Twitter Inc. (TWTR)’s directors and top executives are holding on to shares that they own and are committed to the business, Chief Executive Officer Dick Costolo said at the microblogging service’s first shareholder meeting.
The company faced questions in the 37-minute meeting at the Hilton in San Francisco yesterday about restrictions on speech overseas, philanthropy and recent share performance. Twitter’s stock price has declined by 50 percent so far this year, fueled in part by a broader selloff in technology shares. After the lockup period for insider shareholders expired on May 5, the stock slumped 18 percent.
“I’m really worried because that, to me, seems to be a message that employees don’t believe in the future of Twitter and people are the most important resource you have,” investor Gen Shibayama asked executives at the meeting. “In a software company like Twitter, what’s your plan to keep people?”

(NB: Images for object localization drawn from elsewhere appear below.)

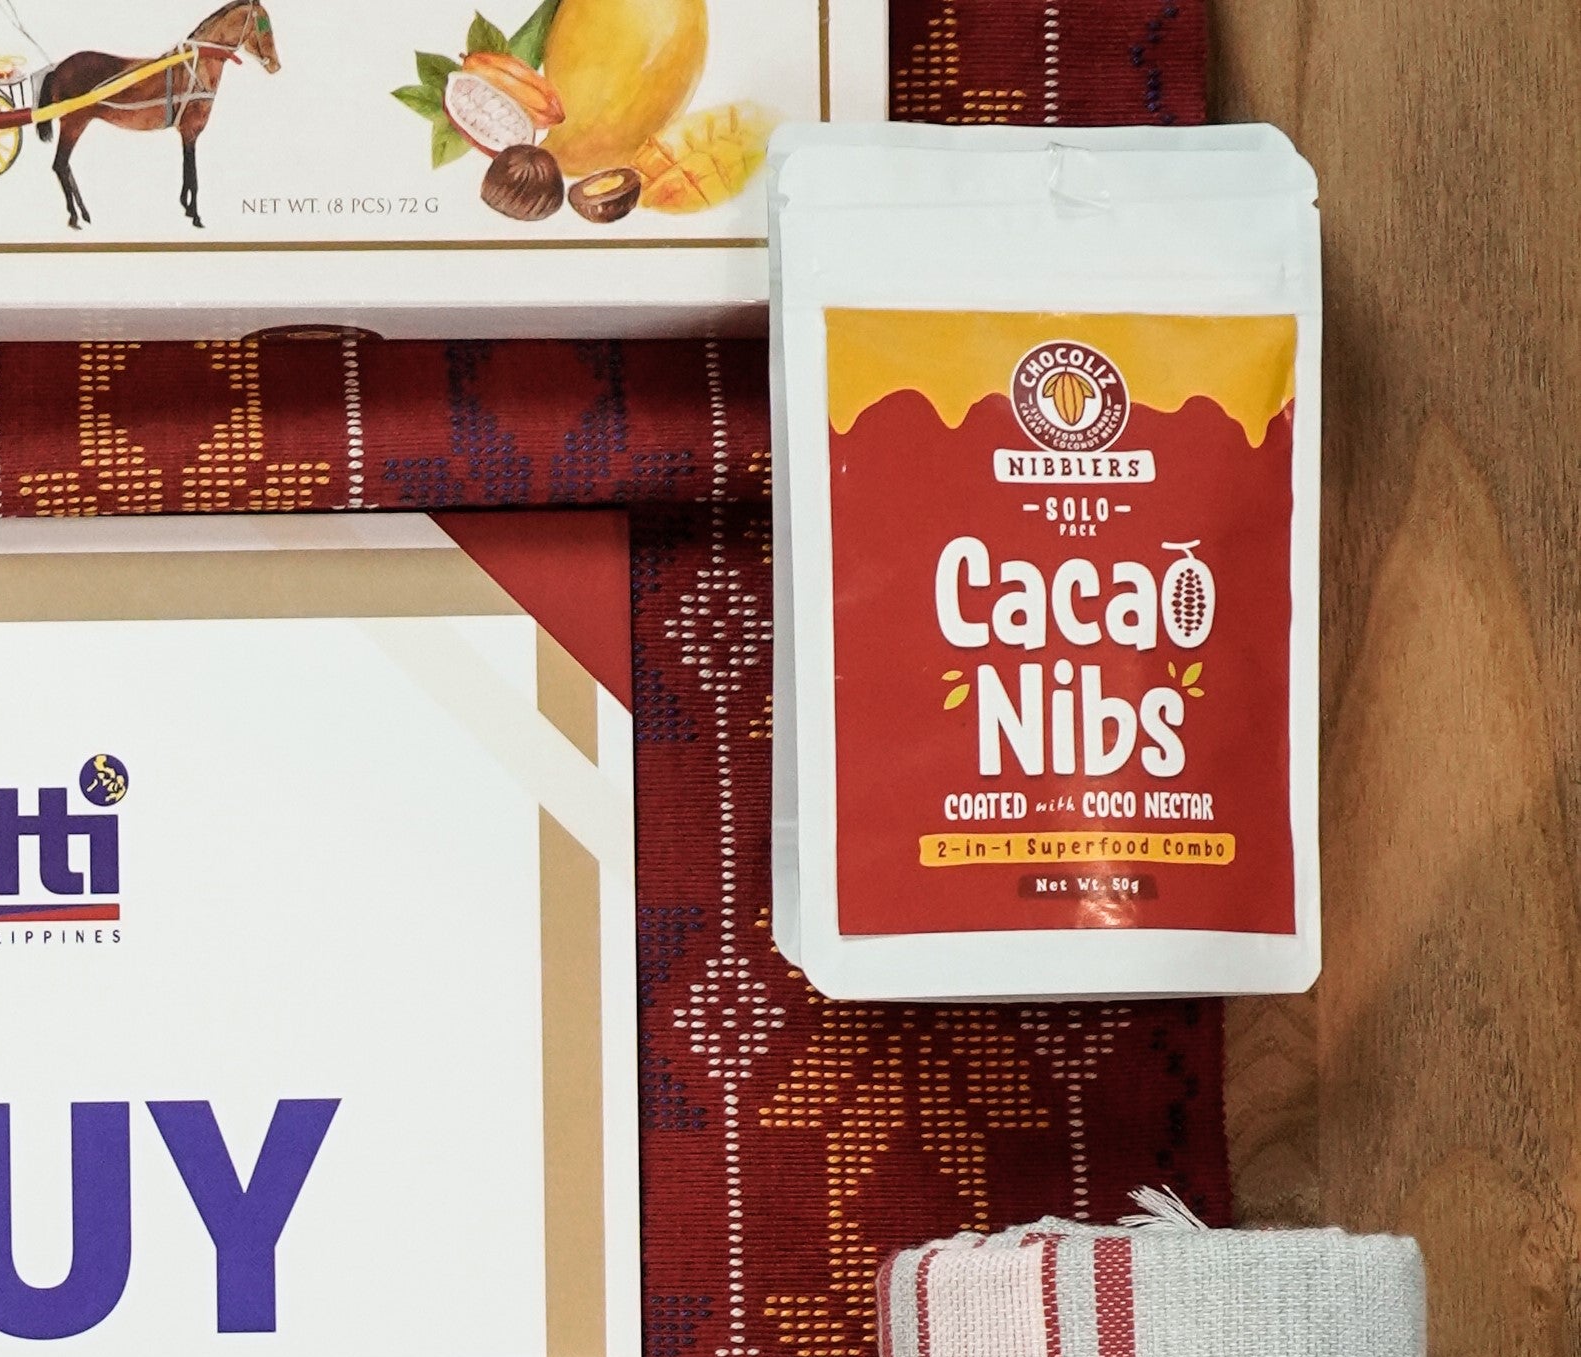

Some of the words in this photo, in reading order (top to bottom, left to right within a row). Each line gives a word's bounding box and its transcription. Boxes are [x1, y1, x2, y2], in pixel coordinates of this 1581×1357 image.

[242, 198, 281, 214] NET
[288, 198, 321, 214] WT.
[327, 198, 344, 216] (8
[351, 197, 392, 216] PCS)
[399, 198, 418, 213] 72
[424, 197, 439, 213] G
[1020, 347, 1118, 389] CHOCOLIZ
[1019, 402, 1042, 434] CACAO
[1052, 436, 1099, 450] COCONUT
[1100, 404, 1122, 439] NECTAR
[1030, 407, 1084, 441] SUPERFOOD
[1086, 409, 1112, 438] COMBO
[1008, 457, 1140, 477] NIBBLERS
[1059, 523, 1097, 536] PACK
[935, 536, 1216, 652] Cacao
[977, 658, 1187, 779] Nibs
[944, 793, 1028, 821] COATED
[1035, 797, 1076, 813] with
[1082, 791, 1136, 819] COCO
[1144, 793, 1215, 820] NECTAR
[937, 839, 1012, 858] 2-in-1
[1027, 838, 1150, 859] Superfood
[1162, 838, 1225, 857] Combo
[1035, 878, 1068, 893] Net
[1076, 878, 1107, 893] Wt.
[1111, 878, 1140, 894] 50g

Costolo said all board members, including co-founders Evan Williams and Jack Dorsey, pledged to hold onto their stakes amid the heavy selling, even after restrictions on their sale lifted six months after Twitter’s initial public offering.

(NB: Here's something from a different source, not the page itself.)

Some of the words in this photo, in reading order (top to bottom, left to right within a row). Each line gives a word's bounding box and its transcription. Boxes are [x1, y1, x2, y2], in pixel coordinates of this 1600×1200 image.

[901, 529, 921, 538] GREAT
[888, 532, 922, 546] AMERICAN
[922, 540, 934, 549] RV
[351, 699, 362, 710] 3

“I love the fact that at the board level you haven’t seen a single share sold, as of or since the IPO,” Costolo said. “We have a very clear plan and vision for what we all believe we can become.”
Twitter is trying to prove to investors that it can deliver on its promises of fast growth since a Nov. 6 IPO. Even though the company has boosted revenue with new advertising products, it hasn’t been able to add users as quickly as it used to, causing concern that future sales will slow.
All eight directors were elected to serve until 2017 at yesterday’s meeting.
Last month, Twitter said membership rose 25 percent in the first quarter, down from 30 percent growth in the previous period. T. Rowe Price Group Inc. dumped a quarter of its Twitter stake in the first quarter, ending March with 13.56 million shares, according to a May 15 regulatory filing.
Twitter’s first public shareholder meeting in June 2013 was less contentious compared with Facebook’s first annual meeting, in which CEO Mark Zuckerberg faced the wrath of investors who had lost much of the money they put into the company at the time of its IPO. The stock has since recovered.
(An earlier version of this story was corrected because the investor’s occupation was misidentified.)